The exhibit consists for 6 large-scale multi-media environments. There is a sense of being “behind the scenes” — the hallways between the installations are full of shipping crates, and before you enter O Sentimental Machine, you see the installation from the back and some of the props used the film.
One of my favorites was Second-hand Reading. This installation was in a small room, with a screen with a video Kentridge made — a sort of fantastic flip book. He took apart a copy of the Oxford Shorter Dictionary, and drew on the pages in charcoal to create frame by frame animations, and added his own large text. Then, when he turned this into a video, he made it look like the pages were still in the open book. Sometimes one side or the other animates, sometimes both. The changing text on the dictionary pages break the illusion, showing when pages are changing, and when they are in short loops.
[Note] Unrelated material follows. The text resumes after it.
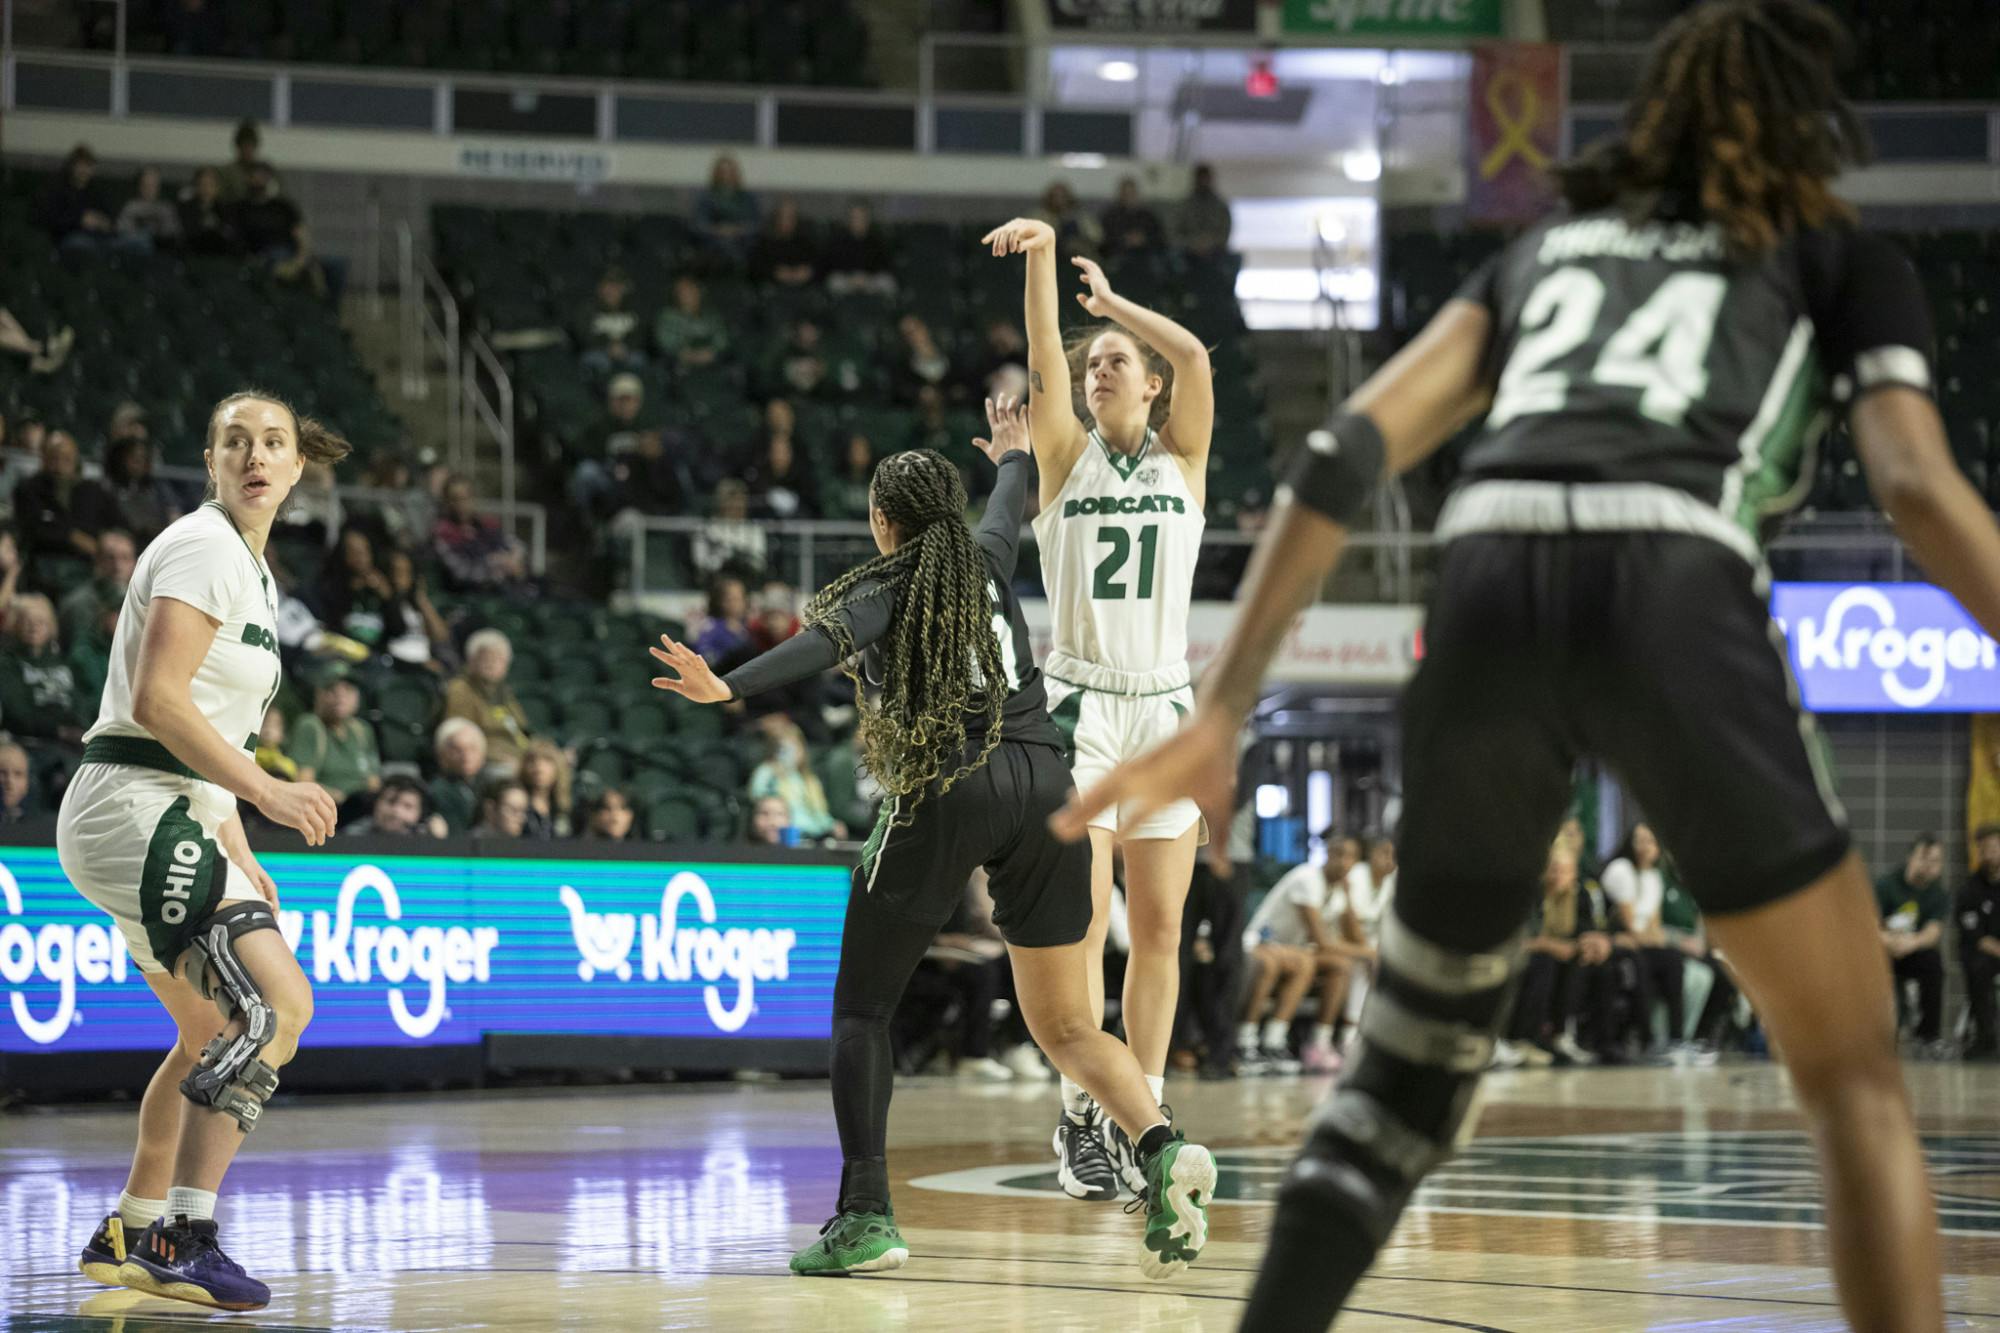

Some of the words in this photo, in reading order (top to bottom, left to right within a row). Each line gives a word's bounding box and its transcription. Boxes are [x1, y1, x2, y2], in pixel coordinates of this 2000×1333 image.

Another installation, 7 Fragment for Georges Melies, Day for Night and Journey to the Moon, was a room with 9 large black-and-white video projections. They each combine Kentridge’s technique of animating charcoal drawings with live action video, using special effects of early film director Georges Melies. Sometimes the video is recorded with the Kentridge moving backwards, and then is reversed, so that he appears to move forward, but props are doing impossible things such as ripped drawings becoming whole. Other times he animates physical objects using stop-action. In one film he quotes directly from Melies film Journey to the Moon, recreating scenes which he mixes into his own, non-linear video. While the films don’t tell a story like Melies did, they evoke very strong emotions, for me at least.
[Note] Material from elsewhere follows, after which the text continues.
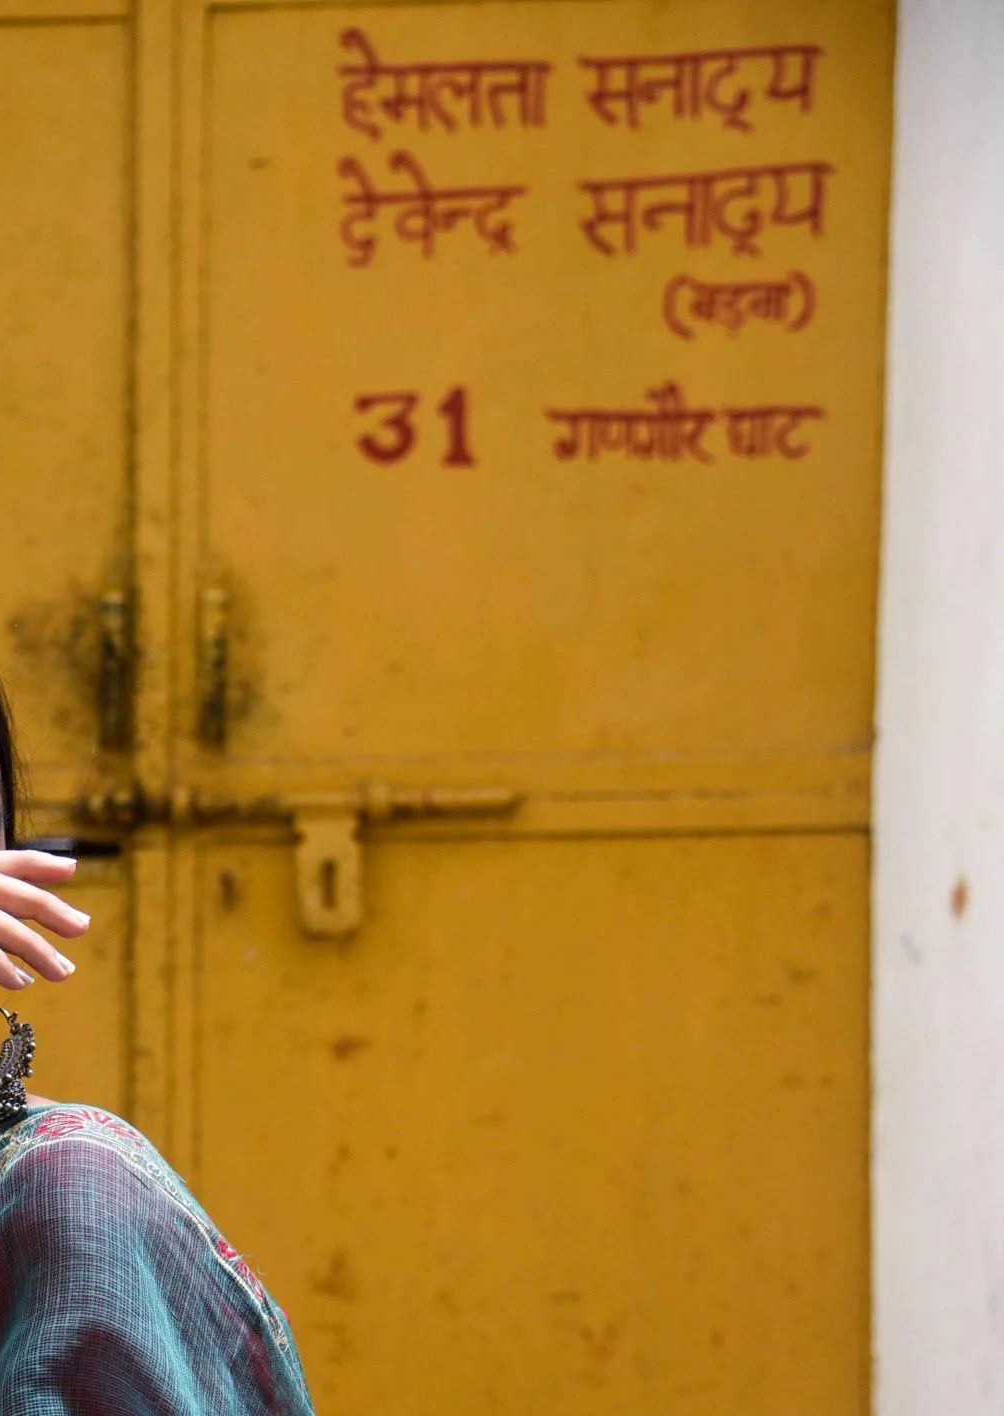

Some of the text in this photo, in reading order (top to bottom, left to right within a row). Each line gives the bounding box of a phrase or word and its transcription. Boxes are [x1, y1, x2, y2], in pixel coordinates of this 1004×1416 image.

[337, 28, 553, 140] हेमलता
[337, 151, 528, 268] देवेन्द्र
[353, 385, 477, 468] 31
[719, 406, 825, 460] घाट
My favorite installation from this show was called Right into Her Arms. This piece is inspired by the opera Lulu that Kentridge had designed and directed. He takes a short clip from a workshop of the opera — a dancer in a paper costume performing in a mechanical way — and combines it with animated ink drawings that he made, inspired by the opera. But the fascinating part is that this video is projected on sheets of wood and ripped colored cardboard, that occasionally will slide back and forth and rotate mechanically, seeming to dance more gracefully than the person in the film. At times the projection goes white, and we see just see the dance of the surfaces, moving in 2 then in 3 dimensions. Other times, the video plays and the contraption become still and our eyes adjust and ignore the fact that the video we are watching is projected on a ripped piece of green cardboard. Other times there is movement both in the contraption and in the video simultaneously.
It is fascinating to see an artist who is fascinated with technical wizardry, can be dadaist and lyrical at the same time.